What is being asked
Exactly as written, transcribe the data that follows.

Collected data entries
/---
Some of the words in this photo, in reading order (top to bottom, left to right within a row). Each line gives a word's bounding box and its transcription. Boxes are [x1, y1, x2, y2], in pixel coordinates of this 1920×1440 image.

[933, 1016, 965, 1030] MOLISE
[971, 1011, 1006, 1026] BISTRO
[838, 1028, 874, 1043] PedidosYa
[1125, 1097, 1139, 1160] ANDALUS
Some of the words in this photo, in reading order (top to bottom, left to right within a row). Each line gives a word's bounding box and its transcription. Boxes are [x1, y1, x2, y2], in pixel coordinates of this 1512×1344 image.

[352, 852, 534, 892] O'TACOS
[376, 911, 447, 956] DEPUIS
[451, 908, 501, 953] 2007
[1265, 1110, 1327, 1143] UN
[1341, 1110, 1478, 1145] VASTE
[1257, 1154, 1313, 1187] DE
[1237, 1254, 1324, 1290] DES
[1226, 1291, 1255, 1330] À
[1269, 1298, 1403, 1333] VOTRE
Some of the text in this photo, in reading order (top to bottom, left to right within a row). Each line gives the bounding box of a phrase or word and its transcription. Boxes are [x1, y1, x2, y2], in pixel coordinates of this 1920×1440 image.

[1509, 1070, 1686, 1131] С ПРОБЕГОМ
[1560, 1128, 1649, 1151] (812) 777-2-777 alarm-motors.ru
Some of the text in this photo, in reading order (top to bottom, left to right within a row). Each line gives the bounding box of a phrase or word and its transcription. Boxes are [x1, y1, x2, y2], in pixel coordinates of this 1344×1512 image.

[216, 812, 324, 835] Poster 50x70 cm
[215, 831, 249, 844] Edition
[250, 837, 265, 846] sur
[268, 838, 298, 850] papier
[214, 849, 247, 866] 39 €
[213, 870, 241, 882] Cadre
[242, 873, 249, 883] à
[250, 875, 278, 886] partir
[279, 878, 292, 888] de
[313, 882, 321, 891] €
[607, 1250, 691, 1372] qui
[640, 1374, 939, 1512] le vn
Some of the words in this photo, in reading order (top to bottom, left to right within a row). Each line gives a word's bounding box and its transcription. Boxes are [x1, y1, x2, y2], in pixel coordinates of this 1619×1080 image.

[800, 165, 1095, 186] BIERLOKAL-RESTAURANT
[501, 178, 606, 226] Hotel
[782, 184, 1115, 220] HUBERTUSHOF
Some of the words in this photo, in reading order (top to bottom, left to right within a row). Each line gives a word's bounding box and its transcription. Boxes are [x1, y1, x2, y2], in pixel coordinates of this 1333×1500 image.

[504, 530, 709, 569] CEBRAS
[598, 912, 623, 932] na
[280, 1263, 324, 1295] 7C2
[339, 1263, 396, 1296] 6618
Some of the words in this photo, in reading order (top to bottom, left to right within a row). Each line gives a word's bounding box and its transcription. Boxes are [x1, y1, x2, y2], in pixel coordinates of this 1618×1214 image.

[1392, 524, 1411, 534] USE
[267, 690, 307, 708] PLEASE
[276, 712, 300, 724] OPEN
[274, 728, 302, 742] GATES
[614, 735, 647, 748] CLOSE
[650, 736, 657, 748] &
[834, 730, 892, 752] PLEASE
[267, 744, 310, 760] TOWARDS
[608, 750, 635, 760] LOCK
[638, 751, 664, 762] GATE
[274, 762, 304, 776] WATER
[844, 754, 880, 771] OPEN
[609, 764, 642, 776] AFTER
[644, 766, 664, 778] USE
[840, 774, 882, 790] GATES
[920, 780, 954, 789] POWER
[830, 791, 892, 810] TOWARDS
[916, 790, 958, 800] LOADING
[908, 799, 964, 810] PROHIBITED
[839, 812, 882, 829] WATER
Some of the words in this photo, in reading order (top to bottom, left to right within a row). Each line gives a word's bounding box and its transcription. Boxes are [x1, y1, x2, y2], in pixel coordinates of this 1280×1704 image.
\---
Exercise response
Some of the words in this photo, in reading order (top to bottom, left to right within a row). Each line gives a word's bounding box and its transcription. Boxes are [x1, y1, x2, y2], in pixel coordinates of this 1920×1440 image.

[933, 1016, 965, 1030] MOLISE
[971, 1011, 1006, 1026] BISTRO
[838, 1028, 874, 1043] PedidosYa
[1125, 1097, 1139, 1160] ANDALUS
Some of the words in this photo, in reading order (top to bottom, left to right within a row). Each line gives a word's bounding box and its transcription. Boxes are [x1, y1, x2, y2], in pixel coordinates of this 1512×1344 image.

[352, 852, 534, 892] O'TACOS
[376, 911, 447, 956] DEPUIS
[451, 908, 501, 953] 2007
[1265, 1110, 1327, 1143] UN
[1341, 1110, 1478, 1145] VASTE
[1257, 1154, 1313, 1187] DE
[1237, 1254, 1324, 1290] DES
[1226, 1291, 1255, 1330] À
[1269, 1298, 1403, 1333] VOTRE
Some of the text in this photo, in reading order (top to bottom, left to right within a row). Each line gives the bounding box of a phrase or word and its transcription. Boxes are [x1, y1, x2, y2], in pixel coordinates of this 1920×1440 image.

[1509, 1070, 1686, 1131] С ПРОБЕГОМ
[1560, 1128, 1649, 1151] (812) 777-2-777 alarm-motors.ru
Some of the text in this photo, in reading order (top to bottom, left to right within a row). Each line gives the bounding box of a phrase or word and its transcription. Boxes are [x1, y1, x2, y2], in pixel coordinates of this 1344×1512 image.

[216, 812, 324, 835] Poster 50x70 cm
[215, 831, 249, 844] Edition
[250, 837, 265, 846] sur
[268, 838, 298, 850] papier
[214, 849, 247, 866] 39 €
[213, 870, 241, 882] Cadre
[242, 873, 249, 883] à
[250, 875, 278, 886] partir
[279, 878, 292, 888] de
[313, 882, 321, 891] €
[607, 1250, 691, 1372] qui
[640, 1374, 939, 1512] le vn
Some of the words in this photo, in reading order (top to bottom, left to right within a row). Each line gives a word's bounding box and its transcription. Boxes are [x1, y1, x2, y2], in pixel coordinates of this 1619×1080 image.

[800, 165, 1095, 186] BIERLOKAL-RESTAURANT
[501, 178, 606, 226] Hotel
[782, 184, 1115, 220] HUBERTUSHOF
Some of the words in this photo, in reading order (top to bottom, left to right within a row). Each line gives a word's bounding box and its transcription. Boxes are [x1, y1, x2, y2], in pixel coordinates of this 1333×1500 image.

[504, 530, 709, 569] CEBRAS
[598, 912, 623, 932] na
[280, 1263, 324, 1295] 7C2
[339, 1263, 396, 1296] 6618
Some of the words in this photo, in reading order (top to bottom, left to right within a row). Each line gives a word's bounding box and its transcription. Boxes are [x1, y1, x2, y2], in pixel coordinates of this 1618×1214 image.

[1392, 524, 1411, 534] USE
[267, 690, 307, 708] PLEASE
[276, 712, 300, 724] OPEN
[274, 728, 302, 742] GATES
[614, 735, 647, 748] CLOSE
[650, 736, 657, 748] &
[834, 730, 892, 752] PLEASE
[267, 744, 310, 760] TOWARDS
[608, 750, 635, 760] LOCK
[638, 751, 664, 762] GATE
[274, 762, 304, 776] WATER
[844, 754, 880, 771] OPEN
[609, 764, 642, 776] AFTER
[644, 766, 664, 778] USE
[840, 774, 882, 790] GATES
[920, 780, 954, 789] POWER
[830, 791, 892, 810] TOWARDS
[916, 790, 958, 800] LOADING
[908, 799, 964, 810] PROHIBITED
[839, 812, 882, 829] WATER
Some of the words in this photo, in reading order (top to bottom, left to right within a row). Each line gives a word's bounding box and its transcription. Boxes are [x1, y1, x2, y2], in pixel coordinates of this 1280×1704 image.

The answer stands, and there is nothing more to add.